ABOUT THIS TASK:
Since only the words are wanted, reproduce every entry exactly and leave the images behind.

[Collected data]
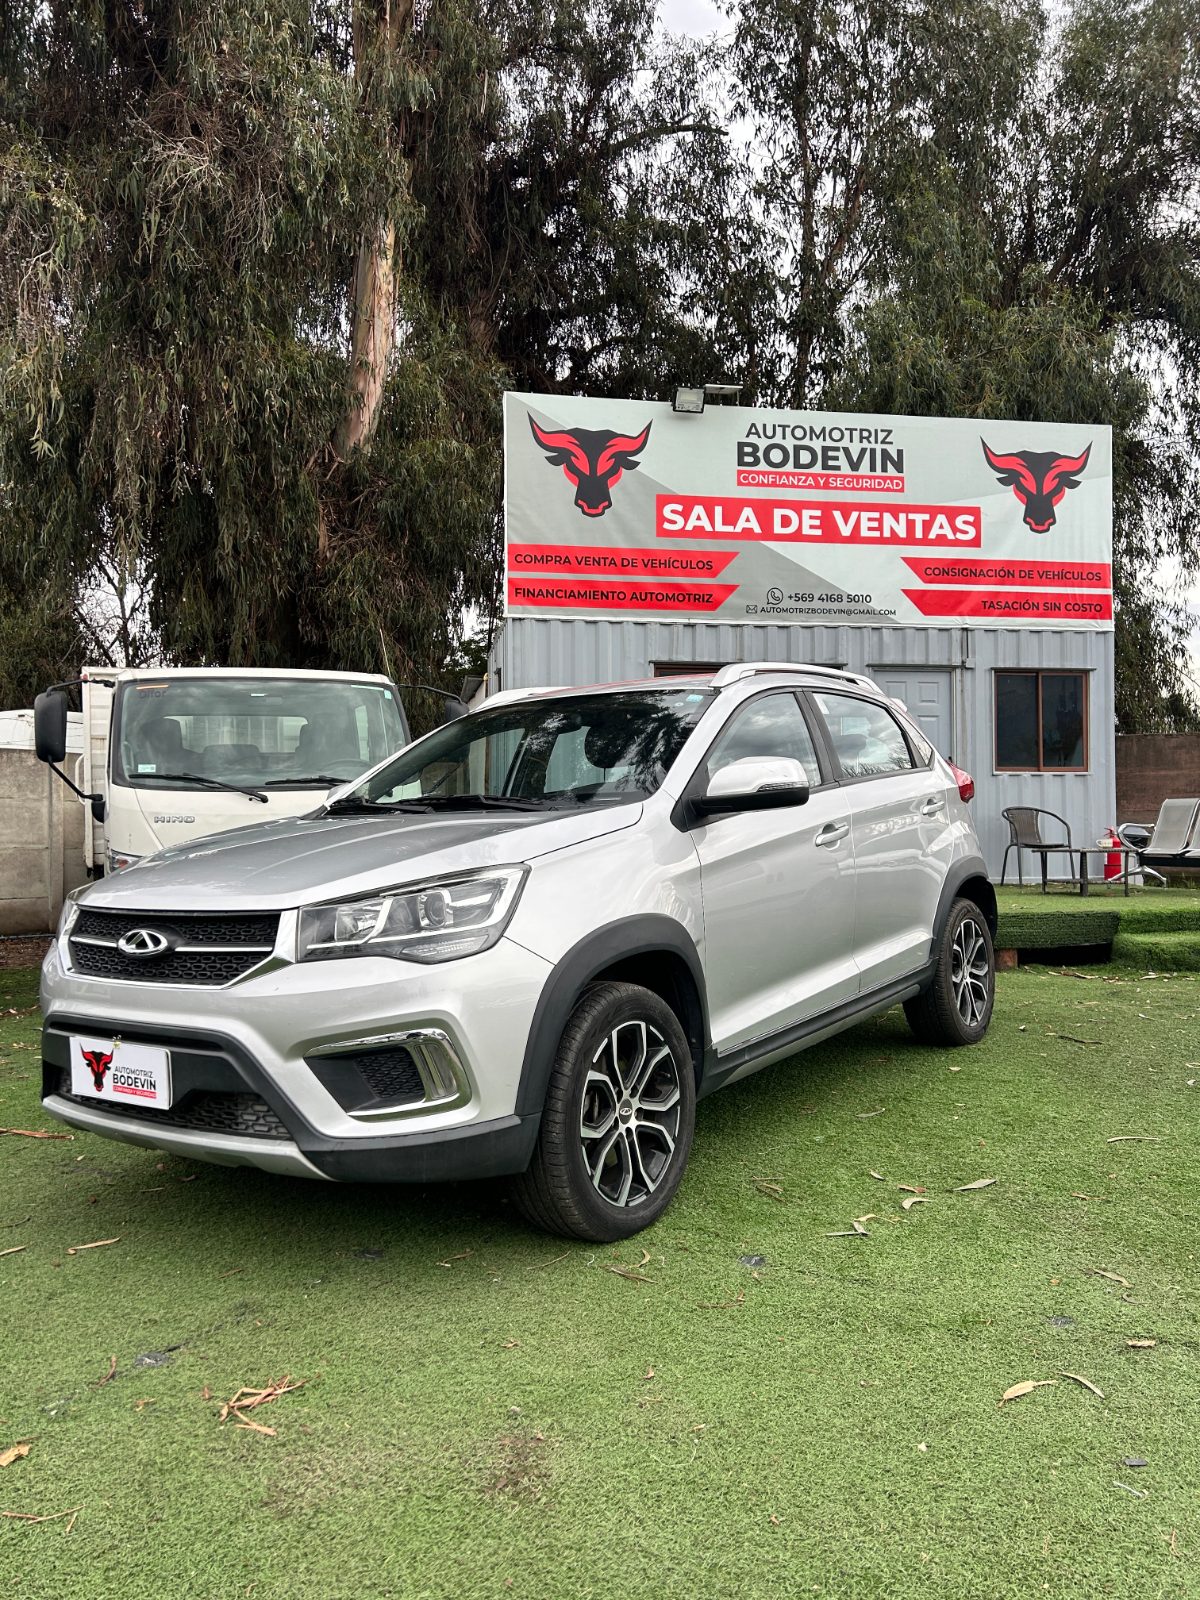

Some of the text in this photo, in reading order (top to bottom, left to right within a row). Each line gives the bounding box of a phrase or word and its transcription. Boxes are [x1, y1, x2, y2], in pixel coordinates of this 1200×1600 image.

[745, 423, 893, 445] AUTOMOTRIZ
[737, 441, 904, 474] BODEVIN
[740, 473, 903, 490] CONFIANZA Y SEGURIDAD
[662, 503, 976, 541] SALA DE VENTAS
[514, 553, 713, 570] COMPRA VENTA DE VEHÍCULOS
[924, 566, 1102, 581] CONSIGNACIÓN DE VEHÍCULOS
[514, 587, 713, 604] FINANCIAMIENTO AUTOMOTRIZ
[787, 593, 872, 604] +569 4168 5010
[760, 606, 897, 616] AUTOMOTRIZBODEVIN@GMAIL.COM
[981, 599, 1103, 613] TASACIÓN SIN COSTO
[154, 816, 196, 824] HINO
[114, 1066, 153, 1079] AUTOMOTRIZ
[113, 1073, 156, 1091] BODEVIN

WRITTEN ANSWER:
Some of the text in this photo, in reading order (top to bottom, left to right within a row). Each line gives the bounding box of a phrase or word and its transcription. Boxes are [x1, y1, x2, y2], in pixel coordinates of this 1200×1600 image.

[745, 423, 893, 445] AUTOMOTRIZ
[737, 441, 904, 474] BODEVIN
[740, 473, 903, 490] CONFIANZA Y SEGURIDAD
[662, 503, 976, 541] SALA DE VENTAS
[514, 553, 713, 570] COMPRA VENTA DE VEHÍCULOS
[924, 566, 1102, 581] CONSIGNACIÓN DE VEHÍCULOS
[514, 587, 713, 604] FINANCIAMIENTO AUTOMOTRIZ
[787, 593, 872, 604] +569 4168 5010
[760, 606, 897, 616] AUTOMOTRIZBODEVIN@GMAIL.COM
[981, 599, 1103, 613] TASACIÓN SIN COSTO
[154, 816, 196, 824] HINO
[114, 1066, 153, 1079] AUTOMOTRIZ
[113, 1073, 156, 1091] BODEVIN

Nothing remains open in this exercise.